Intermolecular interactions between DNA and TRD. (A) Ribbon diagram of the DNA molecule bound to the TRD1 domains from the two S subunits in the asymmetric unit. The TRD1 domains are colored in blue and black, respectively. The two DNA strands are colored in black and salmon. (B) Schematic of the detailed interactions between TRD1s and DNA. Same color code as in A. The hydrogen bonds between protein and the sugar-phosphate backbone or the bases are shown in dashed and solid lines, respectively. (C–E) Interactions between one TRD1 domain and the bound DNA in three different regions. The hydrogen bonds are shown by green dashed lines.

Fig. S4.

(A) Structure superimposition of the Tte-TRD1+DNA with the TRD domains from other R-M systems: LlaGI-TRD+DNA (Left), LlaBIII-TRD+DNA (Middle), and MmeI-TRD+DNA (Right). The Tte-TRD1 and the bound DNA are in light blue and red, respectively. The other TRDs and bound DNAs are in cyan and black, respectively. (B) The TRD2 domains (light blue) in the asymmetric unit bind to neighboring symmetric DNA molecules (red) by using the similar DNA-binding surface to TRD1.

Fig. 4.

Conformational transition from open to closed. (A) Surface views of the open (Left) and closed (Right) structures of the type I MTases. The color code for proteins is the same as in Fig. 1. The DNA is shown in ribbon and red. Given the low-quality electron density, the M2 subunit of the open complex was modeled in a similar conformation to M1 by superimposing the C-helices of the two M subunits. The dashed arrow line indicates the dynamic nature of this subunit in the structure. (B) Two views of the conformational changes in the S subunit between open (cyan) and closed (blue). The TRD1 domains (gray) are superimposed as the reference point. (C) The conformational changes in the M subunit between open (yellow) and closed (brown). The DNA (red) is shown in surface presentation. The TRD1 domains are superimposed as the reference point.

Fig. S5.

(A) The negative-stain EM closed model of the EcoKI-MTase. Same color code for the proteins as in Fig. 1. The DNA is shown in black ribbon. The red circles indicate the C-helix regions in the wrong conformation. (B) The updated closed model of the Tte-MTase.
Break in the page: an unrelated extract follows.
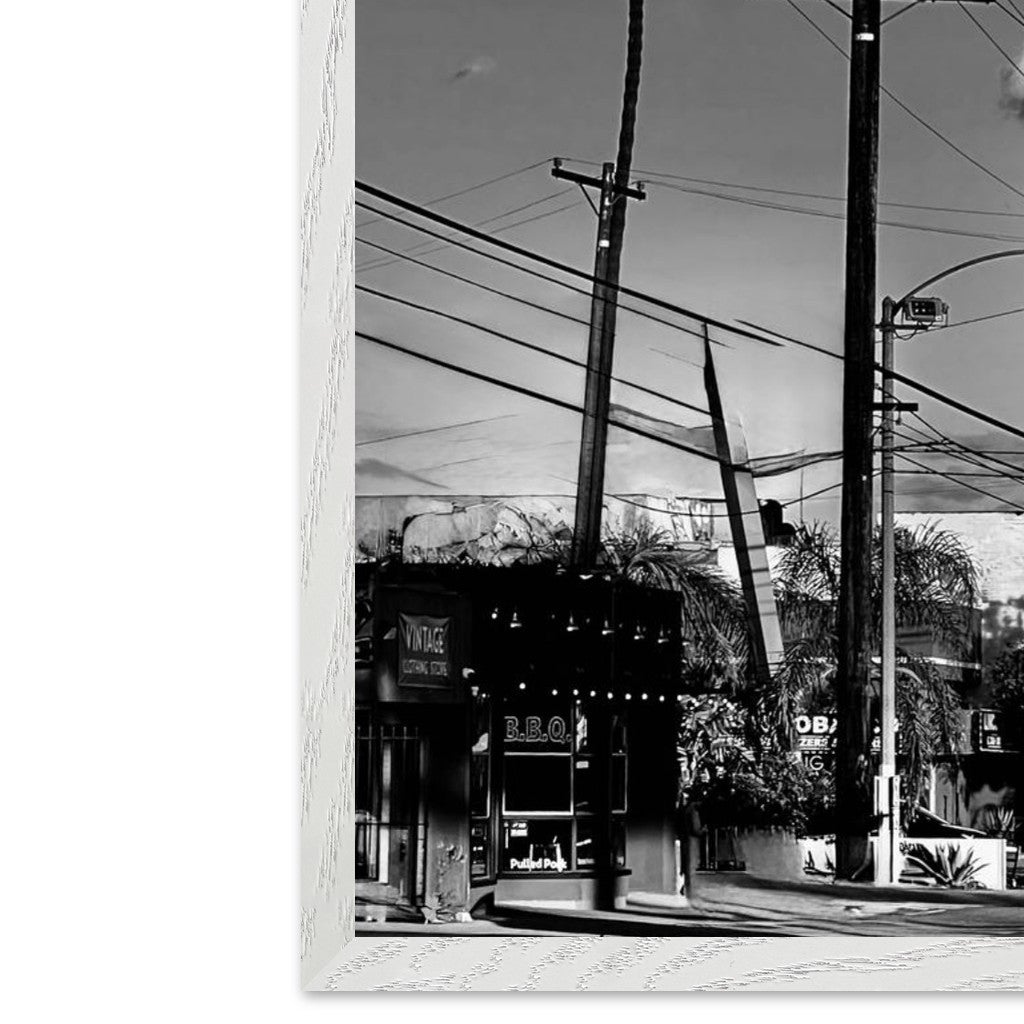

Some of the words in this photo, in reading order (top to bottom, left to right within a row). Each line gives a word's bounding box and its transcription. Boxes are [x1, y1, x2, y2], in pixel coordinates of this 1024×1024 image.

The S and M subunits of the EcoKI enzyme in A were replaced by their Tte counterparts by superimposition. The red circle indicates the revised four-helix bundle region based on the crystal structure.

Fig. S6.

(A–C) Size-exclusion chromatography curves (Upper) of different incubation samples and the related SDS/PAGE results (Lower) for the fractions from 10 mL to 16.5 mL (0.5 mL for each fraction).

Fig. S7.

(A–F) Size-exclusion chromatography curves of different incubation samples of the EcoKI system. (G) GST pull-down results showing that the R subunit bound to the Mtase complex in its closed state (with DNA) but not in the open state (no DNA).

Fig. 5.

The working model. The proposed model for the complex assembly and conformational changes of the type I R-M systems. The REase structure is modeled based on the crystal structure of the EcoR124I-R subunit (18) and the low-resolution EM model of EcoKI REase (11).